ENTRIES PROVIDED ::
○ ○ ○ ○
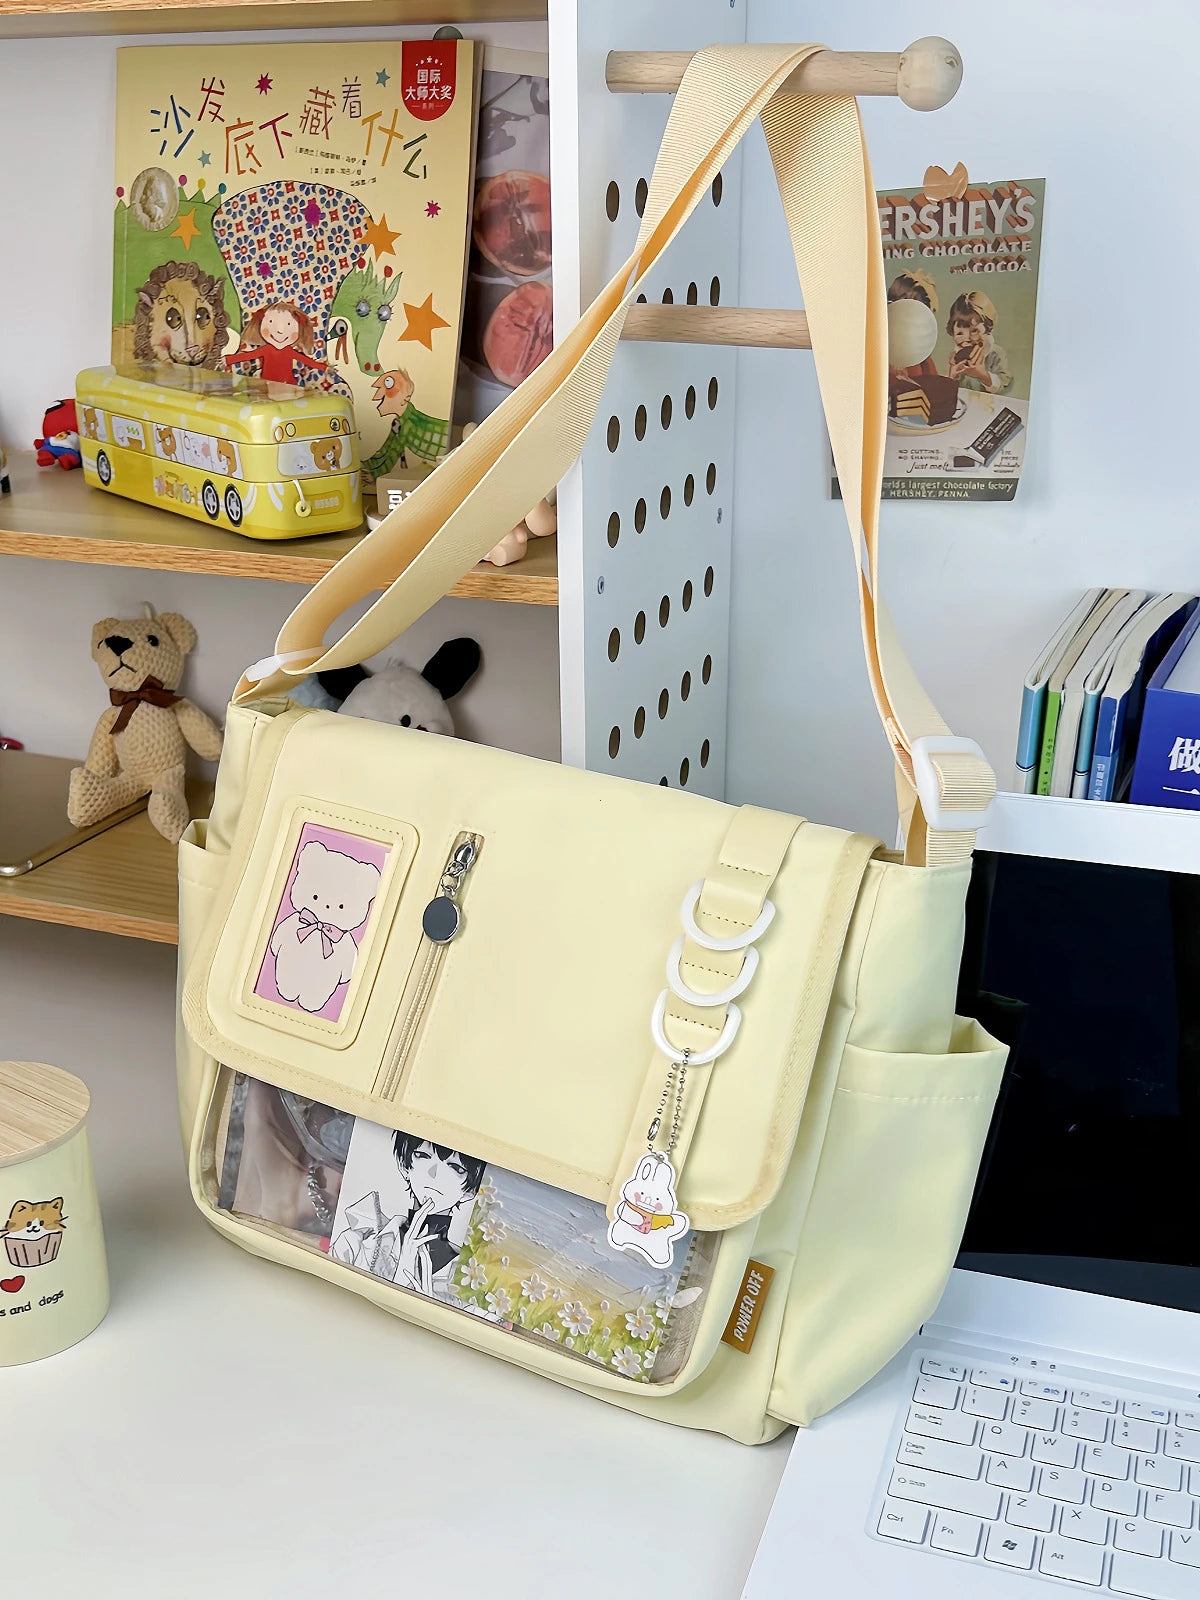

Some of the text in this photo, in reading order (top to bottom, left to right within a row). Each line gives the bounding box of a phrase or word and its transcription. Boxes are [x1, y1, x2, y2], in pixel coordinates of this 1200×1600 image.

[417, 69, 441, 84] 国际
[405, 85, 453, 101] 大师大奖
[150, 75, 428, 180] 沙发底下藏着什么
[877, 187, 1037, 241] ERSHEY'S
[884, 240, 1033, 260] ING CHOCOLATE
[973, 259, 1032, 275] COCOA
[909, 480, 940, 492] largest
[943, 481, 985, 490] chocolate
[988, 481, 1013, 493] factory
[10, 1301, 32, 1315] and
[38, 1290, 65, 1307] dogs
[733, 1269, 764, 1342] POWER OFF
[1042, 1437, 1057, 1446] W
[1092, 1448, 1102, 1457] E
[996, 1460, 1008, 1469] A
[1144, 1459, 1156, 1469] R
[1049, 1471, 1060, 1480] S
[1101, 1482, 1112, 1492] D
[1016, 1497, 1028, 1507] Z
[1155, 1494, 1165, 1502] F
[1071, 1509, 1082, 1520] X
[1124, 1522, 1136, 1532] C
[1180, 1534, 1192, 1544] V
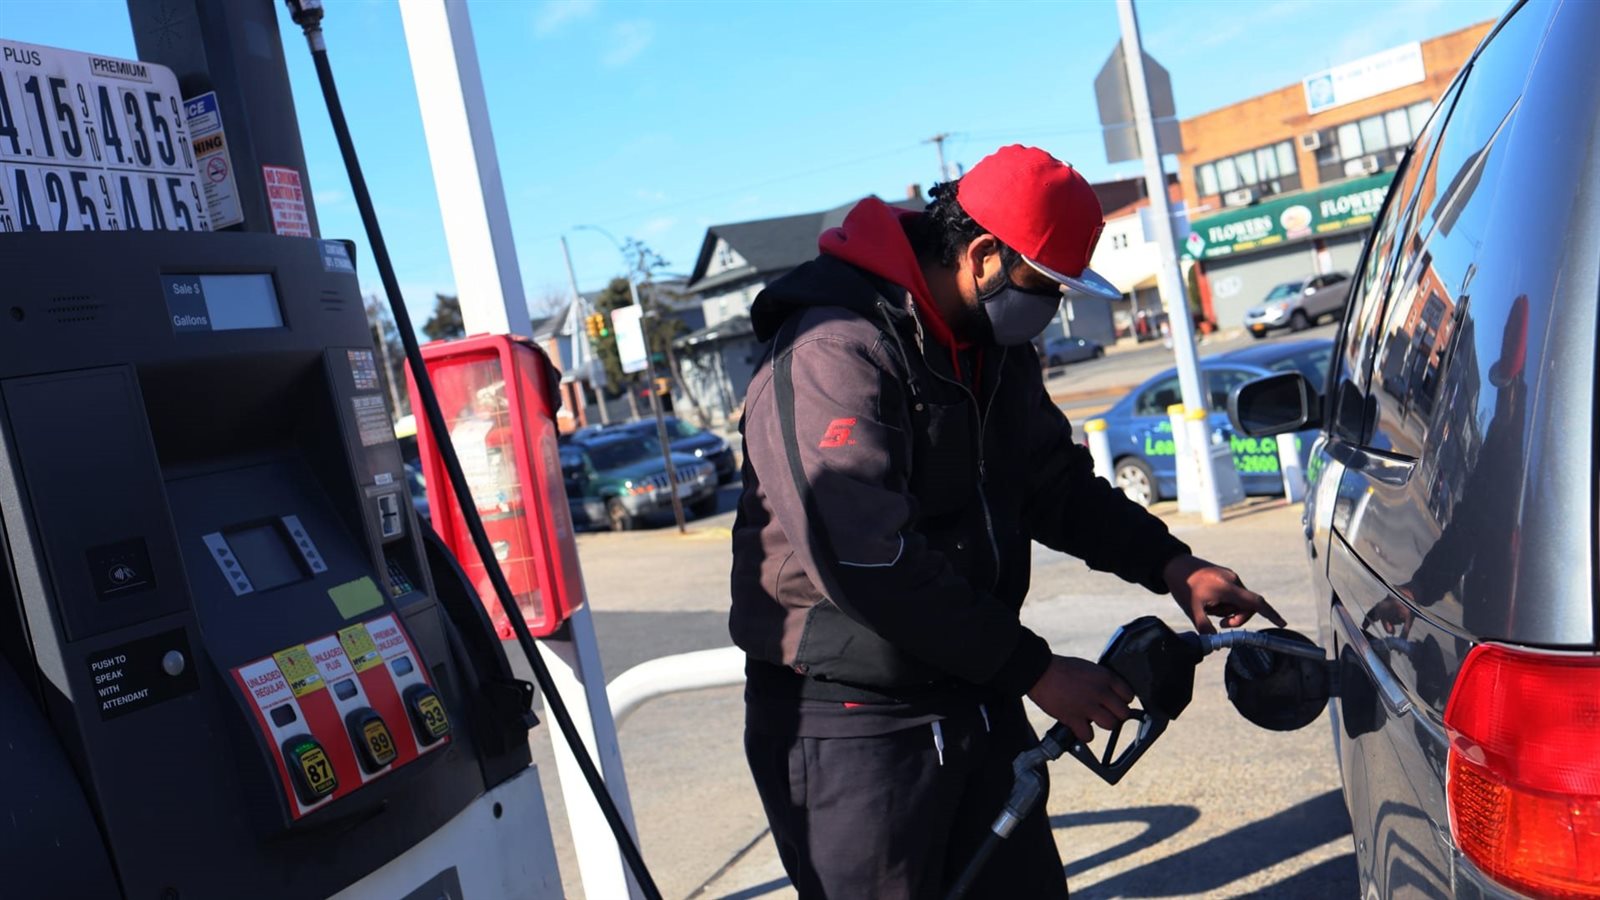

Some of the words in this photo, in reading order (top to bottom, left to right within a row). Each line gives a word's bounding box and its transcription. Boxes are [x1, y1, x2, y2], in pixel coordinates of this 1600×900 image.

[3, 47, 41, 66] PLUS
[93, 58, 148, 78] PREMIUM
[98, 86, 176, 166] 4.35
[194, 136, 223, 155] NING
[1208, 215, 1273, 243] FLOWERS
[173, 283, 193, 294] Sale
[173, 315, 207, 326] Gallons
[92, 659, 115, 671] PUSH
[115, 655, 126, 665] TO
[313, 647, 343, 664] UNLEADED
[324, 659, 342, 672] PLUS
[95, 669, 123, 684] SPEAK
[246, 669, 281, 688] UNLEADED
[98, 684, 120, 697] WITH
[103, 689, 148, 709] ATTENDANT
[254, 681, 286, 698] REGULAR
[425, 706, 444, 727] 93
[370, 732, 390, 753] 89
[306, 759, 330, 785] 87
○ ○ ○ ○
WHAT THE EXERCISE ASKS :: Go to the line holding "Some of the words" in the entries above and return it, along with every line after it, exactly as written.

ANSWER BOX ::
Some of the words in this photo, in reading order (top to bottom, left to right within a row). Each line gives a word's bounding box and its transcription. Boxes are [x1, y1, x2, y2], in pixel coordinates of this 1600×900 image.

[3, 47, 41, 66] PLUS
[93, 58, 148, 78] PREMIUM
[98, 86, 176, 166] 4.35
[194, 136, 223, 155] NING
[1208, 215, 1273, 243] FLOWERS
[173, 283, 193, 294] Sale
[173, 315, 207, 326] Gallons
[92, 659, 115, 671] PUSH
[115, 655, 126, 665] TO
[313, 647, 343, 664] UNLEADED
[324, 659, 342, 672] PLUS
[95, 669, 123, 684] SPEAK
[246, 669, 281, 688] UNLEADED
[98, 684, 120, 697] WITH
[103, 689, 148, 709] ATTENDANT
[254, 681, 286, 698] REGULAR
[425, 706, 444, 727] 93
[370, 732, 390, 753] 89
[306, 759, 330, 785] 87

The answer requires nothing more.